いや、もうちょっと勘違いモノにしても誤解させるに納得させてくれる要素が欲しかったような。あれだけ直前、新任の上司に一発かましてやるぜー、ぶっ殺してやるぜー、と気勢を上げていた連中がコロッとですもんねえ。アホしかいないとは言え。唯一頭が回りそうなカオステルは真性のロリコンでロリならなんでもいいという感じで手に負えないし。
わけのわからん高評価にドン引きしながら、ナチュラルに大言壮語繰り返すコマリんも大概調子ノリまくっているわけですが。なんで演説する時はそんな無茶苦茶偉そうなセリフがポンポンと出てくるのか。実は普段からそういう事妄想してたんじゃないのか、というくらいスルスルと飛び出すハッタリ。
そして実質何もしないコマリちゃん。
はったりと幸運を頼りに快進撃、とあらすじでなってるけど、部下に丸投げしてたら勝手に進撃して勝手に勝ちまくってるだけで特にコマリンてば何もしてないんですよね。偶然だよりの超展開、とかもないし。

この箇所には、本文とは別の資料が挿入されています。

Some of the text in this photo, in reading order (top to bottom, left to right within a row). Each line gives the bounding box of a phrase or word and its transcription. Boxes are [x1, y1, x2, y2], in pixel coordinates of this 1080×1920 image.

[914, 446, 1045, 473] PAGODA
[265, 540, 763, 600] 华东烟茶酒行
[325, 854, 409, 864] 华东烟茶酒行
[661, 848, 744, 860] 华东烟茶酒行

ただこの子がマメにやっているのは、あれこれと可愛い美少女上司とコミュニケーション取ろうと接してくる部下の相手だけ。段々と相談会になっていちいち部下の相談事やお願い事を解決するために駆けずり回ってるの、コマリちゃん根が働き者で世話好きっぽいんだよなあ。サボらないで一生懸命働いてるし。これは休日とか関係なしにスケジュール埋め尽くしてくるメイドのヴィルのせい、というのもあるのですけれど、嫌だーとか言って逃げ出さないし。
彼女が引きこもりから引きずり出されたのは、将軍やらないと爆死してしまう仕様を添付されちゃったからだけど、別にそこまでマメに働かなくてもサボってもいいところまでちゃんとやってるあたり、彼女の本質が見て取れるんですね。

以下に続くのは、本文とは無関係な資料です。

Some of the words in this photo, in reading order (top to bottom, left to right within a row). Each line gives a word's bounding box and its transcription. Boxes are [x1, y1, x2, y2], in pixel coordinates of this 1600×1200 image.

そもそも、彼女が引きこもってしまったのは怠惰が原因ではなく、深く負った心のキズが理由だったわけですし。
本来の彼女は小心者だ。いつもビクビク周りを気にしている。本来の彼女は弱虫だ。怖いことからいつも逃げ出したいと思っている。
でも、この子は本当は勇気を持っている子だ。弱くて怖くても、なけなしの勇気を振り絞って前に出ることの出来る子だ。大事な場面では、決して逃げることの出来ない子だったのだ。
それが、彼女を引きこもらせる傷を負う要因となり、救われた一人の少女がコマリに人生を捧げることになる。
そうして、テラコマリという少女はその優しい勇気を以て、引きこもらなくてもいい自分の居場所を作っていく、これはそんなお話だ。

まあそんな少女の敬愛が、どうしてあんな変態的変愛百合へと怪物化してしまったのかは大いに謎であるのですが。四六時中脇に侍る側近メイドから常に貞操の危機を感じながら世話を受け続けるというプレッシャー、ハゲるんじゃないかコマリン。

しかしこれ、ミリセントの方も結構かわいそうなんですよね。親からDVを受け続け、師からは偏った思想と虐待を受け続け、努力し続けても目標を達成できずに逃げ場のない所まで追い詰められた所で、他者への暴力に走ってしまった挙げ句に何もかもを喪ってしまう。これまで辛い思いをしてきて積み上げてきたもの一切を無駄にしてしまう。
ヴィルやコマリにやった事は同情の余地ないのだけれど、この子が救われる余地がどこにもなかったというのは哀れに思ってしまう。